What is the New £13,830 Tax-Free Amount?
- The Personal Allowance for 2025/26 is £12,570. That’s the amount an individual can earn tax-free.
- Under Marriage Allowance, one partner (the lower-earner), who does not pay tax because they earn less than the Personal Allowance, can transfer 10% of that allowance, i.e. £1,260, to their spouse or civil partner.
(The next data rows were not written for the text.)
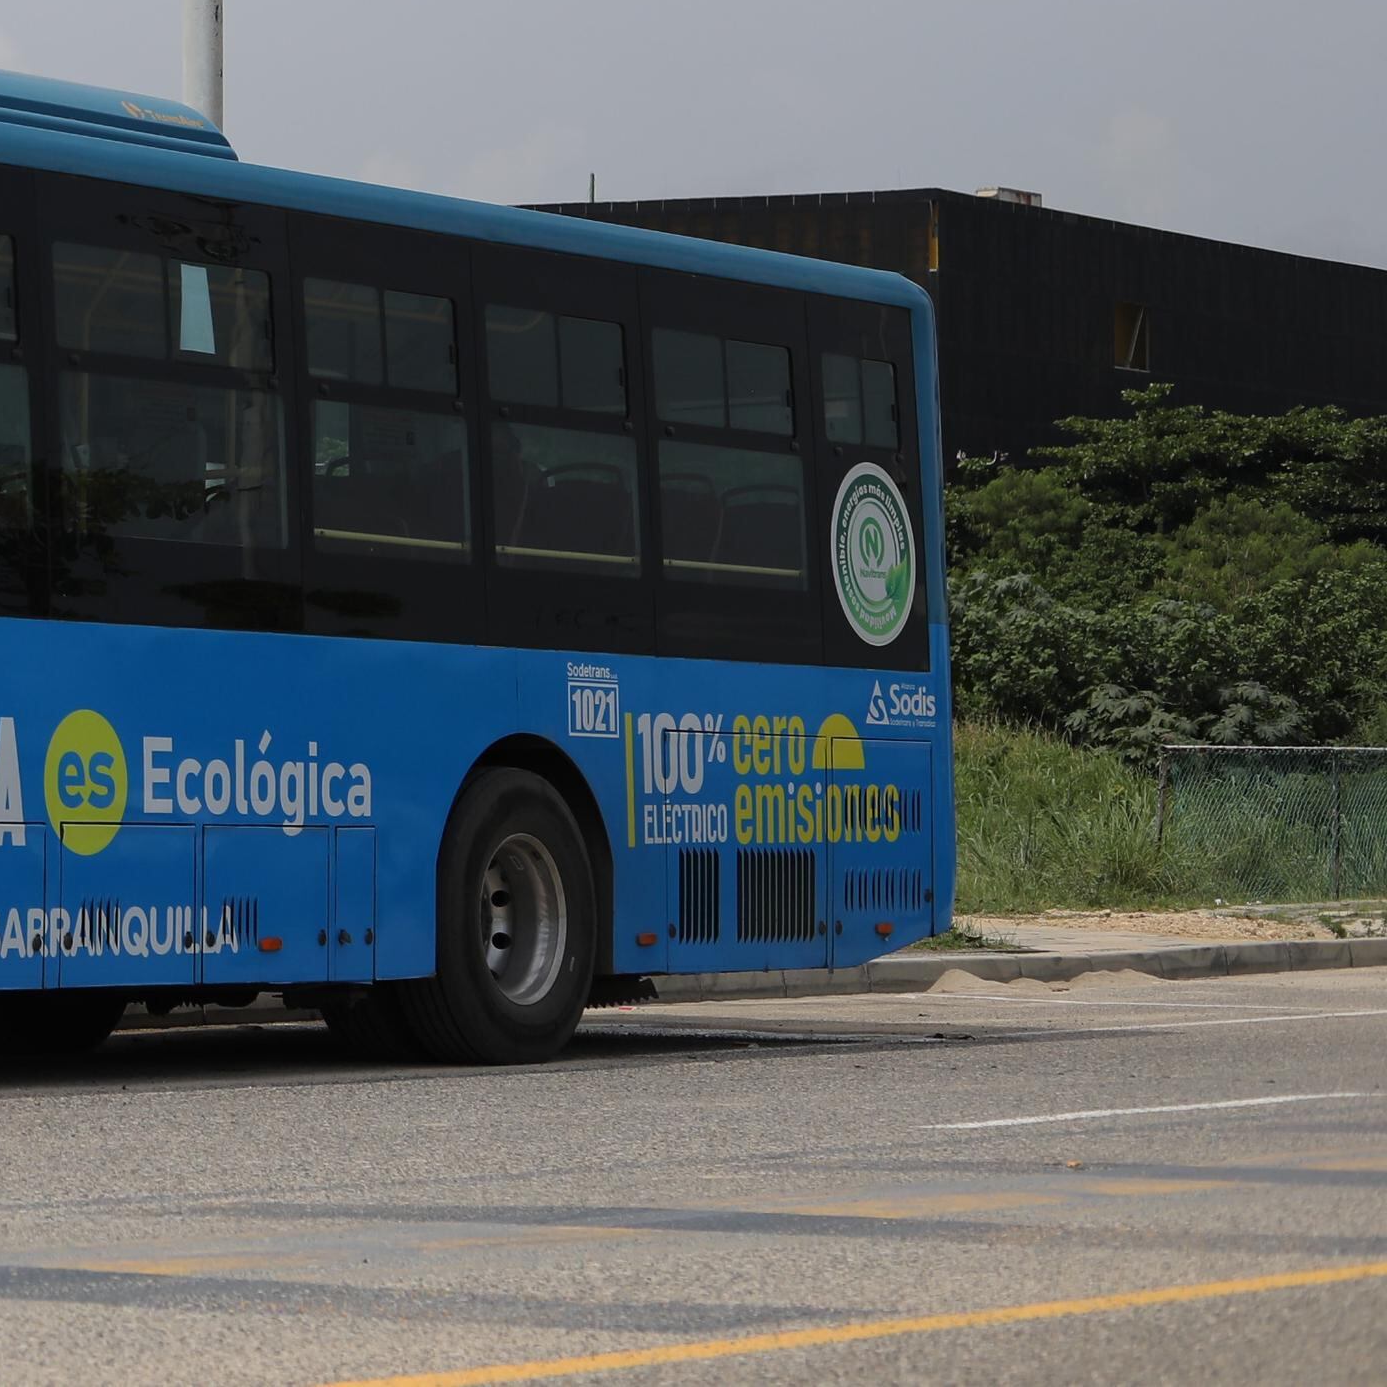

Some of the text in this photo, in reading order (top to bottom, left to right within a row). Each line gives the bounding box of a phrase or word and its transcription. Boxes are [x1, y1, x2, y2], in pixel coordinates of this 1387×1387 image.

[567, 662, 611, 679] Sodetrans
[571, 688, 616, 732] 1021
[889, 683, 936, 717] Sodis
[637, 712, 806, 795] 100% cero
[58, 750, 116, 810] es
[142, 728, 372, 837] Ecológica
[643, 781, 901, 846] ELÉCTRICO emisiones
- The receiving partner’s Personal Allowance is increased by that £1,260, meaning they can earn £13,830 tax-free (i.e. £12,570 + £1,260).
Eligibility Criteria
Criterion | Required Condition |
---|---|
Marital status | Must be married or in a civil partnership. |
Lower-earner income | Must earn less than £12,570 in the tax year (so they pay no income tax). |
Higher-earner status | Must be a basic-rate taxpayer (i.e. income between £12,571 and £50,270) in England, Wales, or Northern Ireland; in Scotland the corresponding limits are different. |
Age requirement | Both partners must have been born on or after 6 April 1935, otherwise other allowances (like Married Couple’s Allowance) may apply. |
Backdating eligibility | You can claim for the current tax year and backdate up to 4 previous tax years if you met criteria then. |
Financial Gains: Figures & Examples
- Maximum tax saving per year: £252 (20% of £1,260).
- Total possible rebate/relief if backdating 4 years + current: up to £1,258 – £1,260 depending on rounding.
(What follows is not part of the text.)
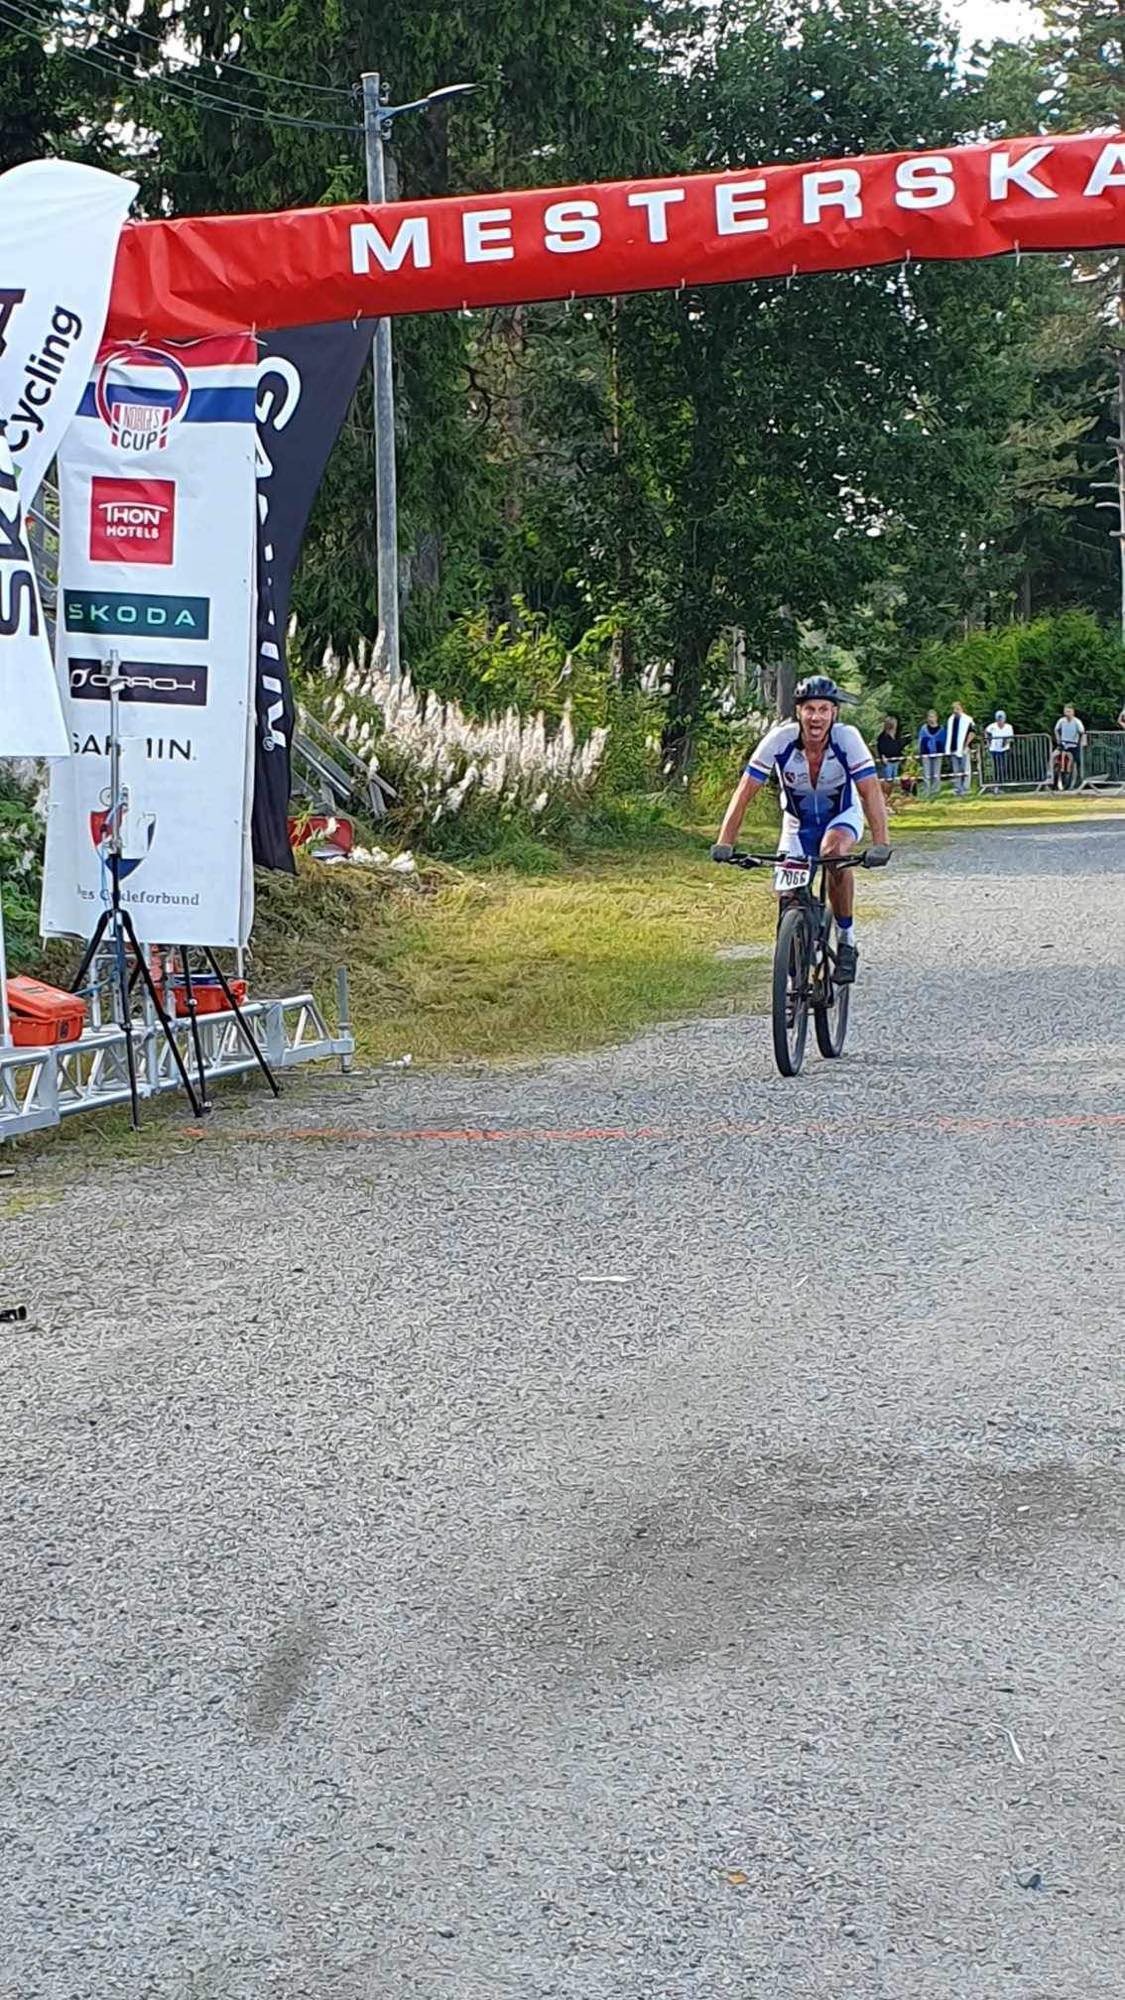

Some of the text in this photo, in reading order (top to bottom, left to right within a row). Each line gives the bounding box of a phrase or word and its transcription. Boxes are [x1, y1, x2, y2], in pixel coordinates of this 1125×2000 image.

[120, 429, 158, 450] CUP
[99, 501, 168, 525] THON
[106, 525, 159, 539] HOTELS
- Example: Partner A earns £6,000 (non-taxpayer), Partner B earns £30,000 (basic rate). After transfer, Partner B’s tax-free allowance becomes £13,830, reducing taxable income accordingly (from £30,000 − £12,570 to £30,000 − £13,830). Savings ≈ £252/year.
How to Apply
- The lower-earning spouse/partner must apply – often called the “transferor.”
- Application can be done online via HMRC for the current tax year. To backdate previous years, you may need to use a paper form (MATCF).
- Once approved, tax codes are adjusted:
- The recipient partner gets a tax code reflecting the increased Personal Allowance.
- The donor partner has their allowance reduced accordingly.
- Keep HMRC informed if your circumstances change (e.g., income passes the threshold, relationship ends). Eligibility depends on the tax year.
Who Benefits Most
- Married couples or civil partners where one partner is a non-taxpayer and the other pays basic rate tax.
- Households where one partner has sporadic, low income or earns below £12,570 (for 2025/26).
- Senior citizens who receive only a state pension and low other income.
- Any couple who missed claiming in earlier years can retrieve backdated amounts (up to four years).
Risks / Things to Check
- If the lower-earner starts earning just above £12,570, they may become a taxpayer, reducing benefit.
- If the higher-earner goes into higher rate bands (> £50,270 in England/Wales/NI), they may no longer qualify.
- Some couples may find the cost of the transfer outweighs the benefit if incomes shift. Always calculate both sides.
The increase to a £13,830 tax-free threshold for some households via the Marriage Allowance is a welcome boost for couples where one earns below the Personal Allowance and the other is a basic-rate taxpayer.
Though the underlying Personal Allowance remains £12,570, transferring £1,260 boosts what the higher earner can earn tax-free.
FAQs
The Marriage Allowance is a scheme that lets one partner gift 10% of their Personal Allowance (£1,260) to their spouse/civil partner, increasing the recipient’s tax-free allowance.
Up to £252 per tax year in income tax for the recipient. Backdating can yield up to about £1,258 over 5 years if eligible.
Yes. You can backdate for up to 4 previous tax years (i.e. going back from the current qualifying year), provided you met all eligibility criteria in those years.